Quantifying and combating zoonotic viruses poised for emergence: Using multiplex receptor screening and decoy engineering technologies.

Abstract

Viral discovery efforts have uncovered millions of zoonotic viruses across multiple continents, listed on the World Health Organization's pandemic risk register. Over two-thirds of these zoonotic viruses pose significant risks, are poised to infect humans, and expose the limitations of current reactive countermeasures, such as vaccines, monoclonal antibodies, and small-molecule antivirals. To mediate infection, these viruses must undergo significant adaptation and exploit specific receptors on human cells, causing "spillover events." Identifying which human receptors these zoonotic viruses utilize is crucial for assessing spillover risk, understanding viral tropism, and preparing for emergence-ultimately providing insights for pandemic preparedness, development of new antiviral therapeutics, and potentially saving many lives. However, we hypothesize that these advances will require a systemic understanding and scalable platform technologies on an unprecedented scale.

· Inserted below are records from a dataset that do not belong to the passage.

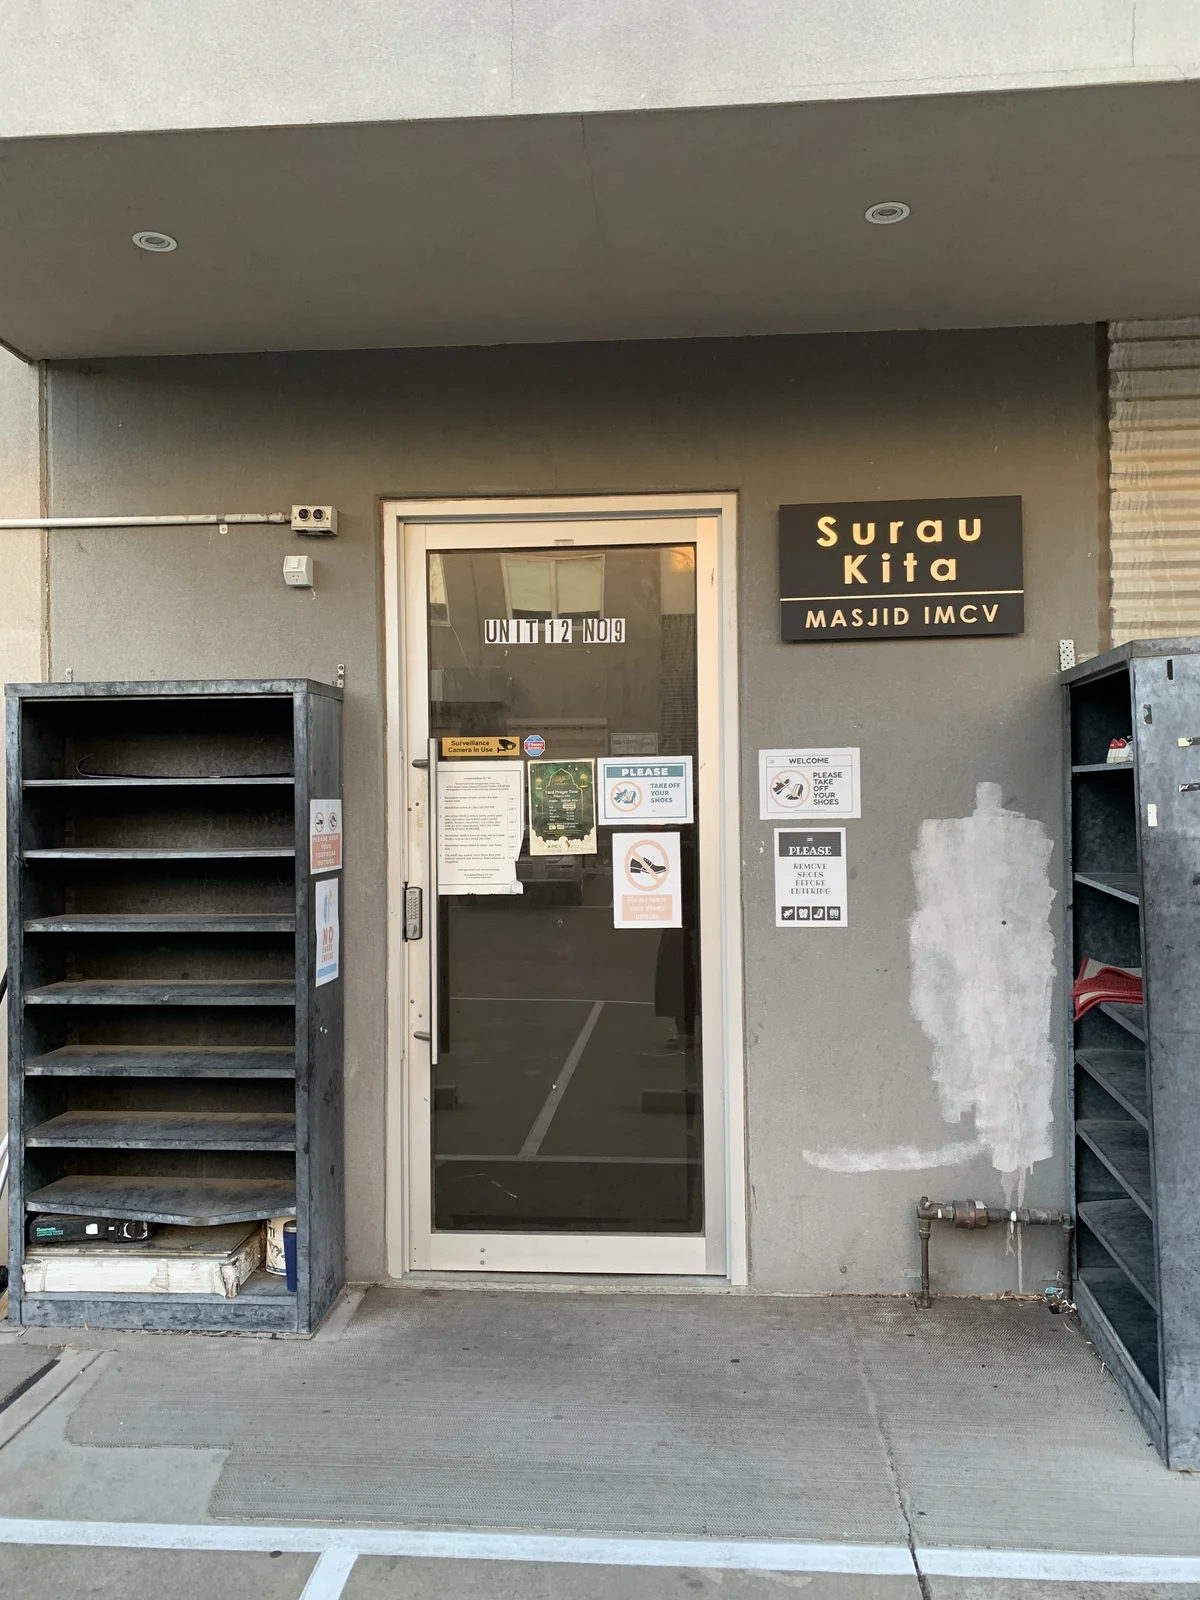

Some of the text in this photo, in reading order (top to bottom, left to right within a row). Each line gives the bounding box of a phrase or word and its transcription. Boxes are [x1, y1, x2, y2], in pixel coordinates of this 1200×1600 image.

[816, 516, 981, 547] Surau
[844, 552, 957, 584] Kita
[805, 604, 999, 629] MASJID IMCV
[485, 619, 537, 643] UNIT
[548, 619, 570, 643] 12
[451, 739, 490, 747] Surveillance
[447, 746, 472, 754] Camera
[789, 757, 830, 765] WELCOME
[621, 767, 669, 777] PLEASE
[812, 771, 843, 779] PLEASE
[650, 782, 668, 790] TAKE
[813, 778, 834, 786] TAKE
[813, 791, 836, 799] YOUR
[813, 798, 840, 806] SHOES
[789, 846, 832, 856] PLEASE
[790, 887, 831, 895] ENTERING
[322, 925, 334, 946] NO
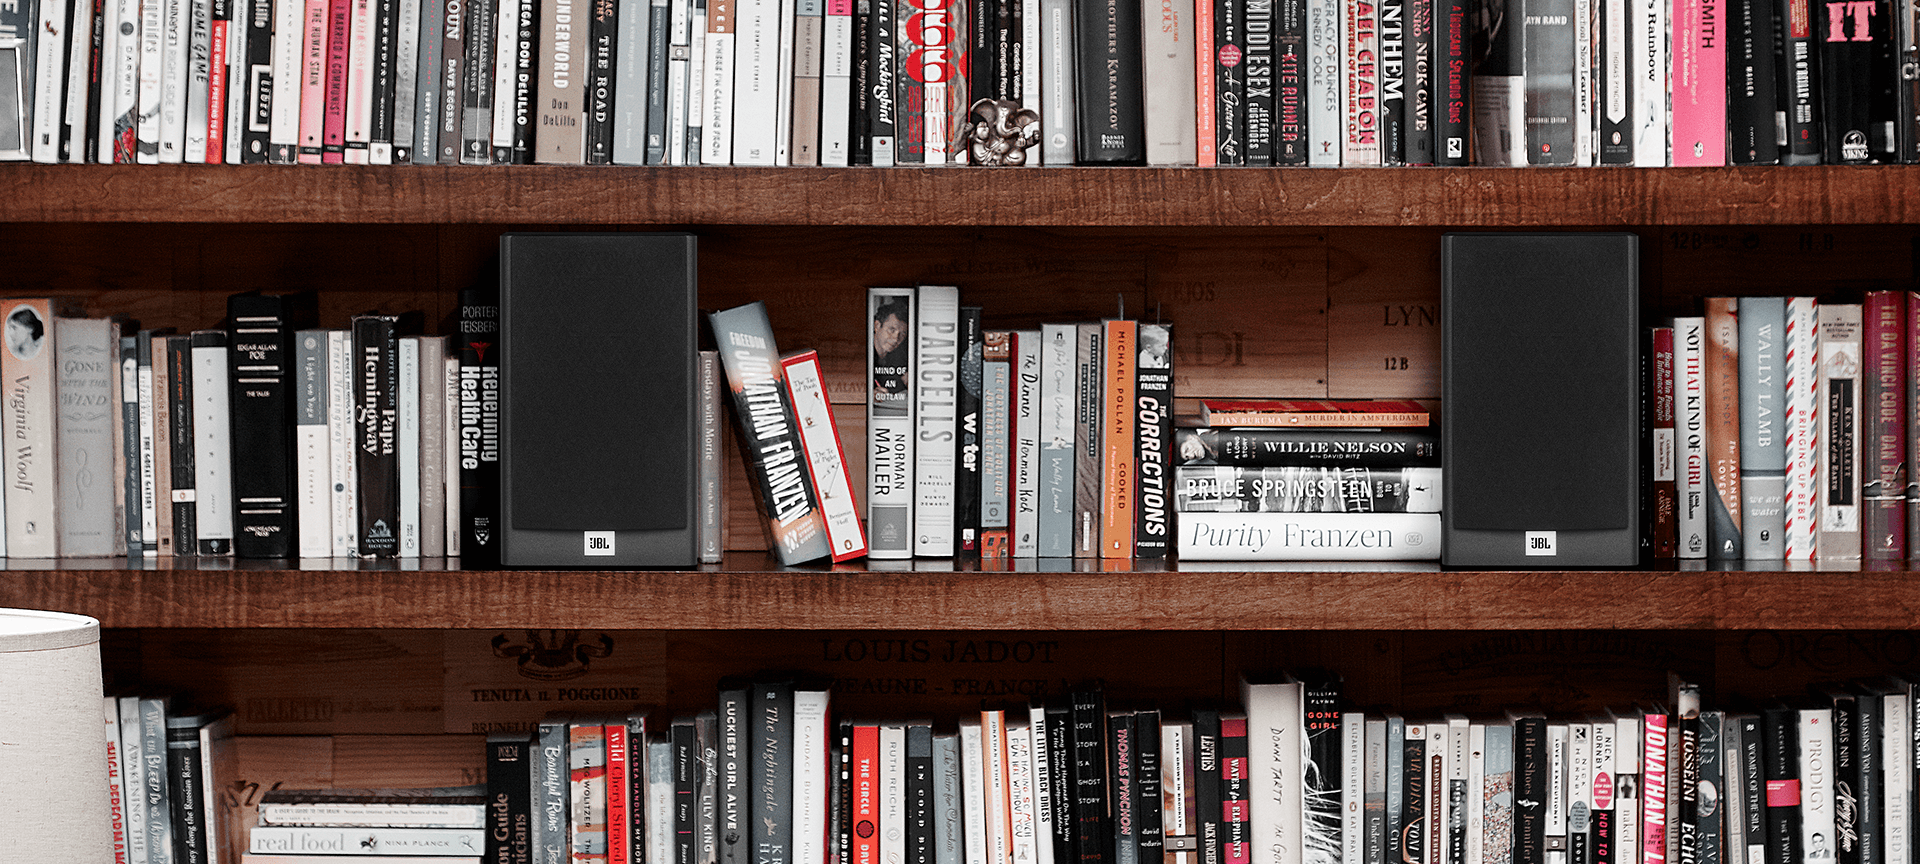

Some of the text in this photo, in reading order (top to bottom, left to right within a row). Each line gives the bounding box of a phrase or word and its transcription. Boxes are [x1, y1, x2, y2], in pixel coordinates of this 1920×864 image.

[192, 2, 208, 83] HOME GAME
[309, 8, 322, 86] THE HUMAN STAIN
[1543, 15, 1568, 25] RAND
[1648, 13, 1657, 81] Rainbow
[1826, 1, 1876, 42] IT
[873, 28, 893, 124] A Mockingbird
[1246, 0, 1271, 98] MIDDLESEX
[1282, 54, 1298, 84] KITE
[445, 59, 457, 132] DAVE EGGERS
[595, 35, 610, 123] THE ROAD
[1358, 50, 1375, 144] CHABON
[1415, 41, 1427, 131] NICK CAVE
[1249, 102, 1259, 149] EUGENIDES
[1259, 107, 1269, 144] JEFFREY
[1282, 86, 1298, 141] RUNNER
[462, 306, 497, 318] PORTER
[1383, 305, 1441, 327] LYN
[63, 360, 104, 374] GONE
[249, 351, 266, 360] POE
[729, 331, 767, 350] FREEDOM
[1384, 357, 1409, 370] 12 B
[874, 366, 907, 375] MIND OF
[885, 380, 897, 388] AN
[920, 321, 956, 442] PARCELLS
[1115, 331, 1125, 434] MICHAEL POLLAN
[1139, 374, 1169, 382] JONATHAN
[1141, 383, 1167, 391] FRANZEN
[1758, 324, 1772, 447] WALLY LAMB
[1880, 304, 1897, 459] THE DA VINCI CODE DAN
[355, 346, 379, 457] Hemingway
[461, 366, 481, 470] Health Care
[703, 359, 715, 461] tuesdays with Morrie
[1221, 416, 1282, 424] JAN BURUMA
[1304, 414, 1344, 422] MURDER
[1361, 413, 1419, 422] AMSTERDAM
[1686, 325, 1701, 489] NOT THAT KIND OF GIRL
[10, 374, 33, 494] Virginia Woolf
[378, 409, 395, 456] Papa
[734, 350, 811, 529] JONATHAN FRANZEN
[963, 412, 979, 472] water
[1019, 353, 1038, 514] The Dinner Herman Koch
[1263, 441, 1407, 453] WILLIE NELSON
[1798, 410, 1807, 488] BRINGING UP
[1844, 407, 1853, 477] KEN FOLLETT
[874, 428, 890, 496] MAILER
[894, 434, 906, 490] NORMAN
[1118, 462, 1126, 509] COOKED
[1138, 396, 1166, 537] CORRECTIONS
[1186, 479, 1371, 498] BRUCE SPRINGSTEEN
[1718, 460, 1726, 496] LOVER
[1729, 459, 1738, 515] JAPANESE
[589, 537, 610, 549] JBL
[1192, 522, 1393, 553] Purity Franzen
[1531, 537, 1551, 549] JBL
[821, 638, 1059, 664] LOUIS JADOT
[471, 687, 640, 703] TENUTA POGGIONE
[1308, 711, 1339, 719] GONE
[1310, 722, 1337, 730] GIRL
[1595, 728, 1603, 770] HORNBY
[726, 701, 736, 830] LUCKIEST GIRL ALIVE
[763, 707, 778, 811] The Nightingale
[861, 759, 869, 814] THE CIRCLE
[1036, 720, 1050, 823] THE LITTLE BLACK DRESS
[1117, 729, 1131, 835] THOMAS PYNCHON
[1270, 728, 1285, 805] DONNA TARTT
[1645, 722, 1666, 825] JONATHAN
[1683, 730, 1695, 801] HOSSEINI
[1809, 740, 1824, 814] PRODIGY
[543, 745, 563, 832] Beautiful Ruins
[609, 732, 624, 862] wild Cheryl Strayed
[889, 777, 897, 818] REICHL
[257, 833, 344, 851] real food
[493, 793, 508, 841] Guide
[704, 795, 712, 852] LILY KING
[1598, 813, 1608, 856] HOW TO
[1622, 810, 1633, 843] naked

Therefore, we propose and evaluate a new and unique paradigm shift toward proactive antiviral interventions centered on host-identified multivalent "decoy" receptor therapeutics that can impose high evolutionary barriers to resistance, even in convergent evolution scenarios. Specifically, we introduce a unified framework that integrates unique, unbiased high-throughput or multiplex receptor screening platforms with AI-driven design to guide the de novo engineering of pandemic-ready broad-spectrum decoys. We also discuss prominent modular engineering strategies that can translate mere molecular affinities into the avidity necessary for potent pan-viral prophylaxis and therapy. The overall integrated pipeline proposed is expected to facilitate the preemptive development of robust countermeasures that will fundamentally reshape our approach to quantifying and combating known and future zoonotic viral threats.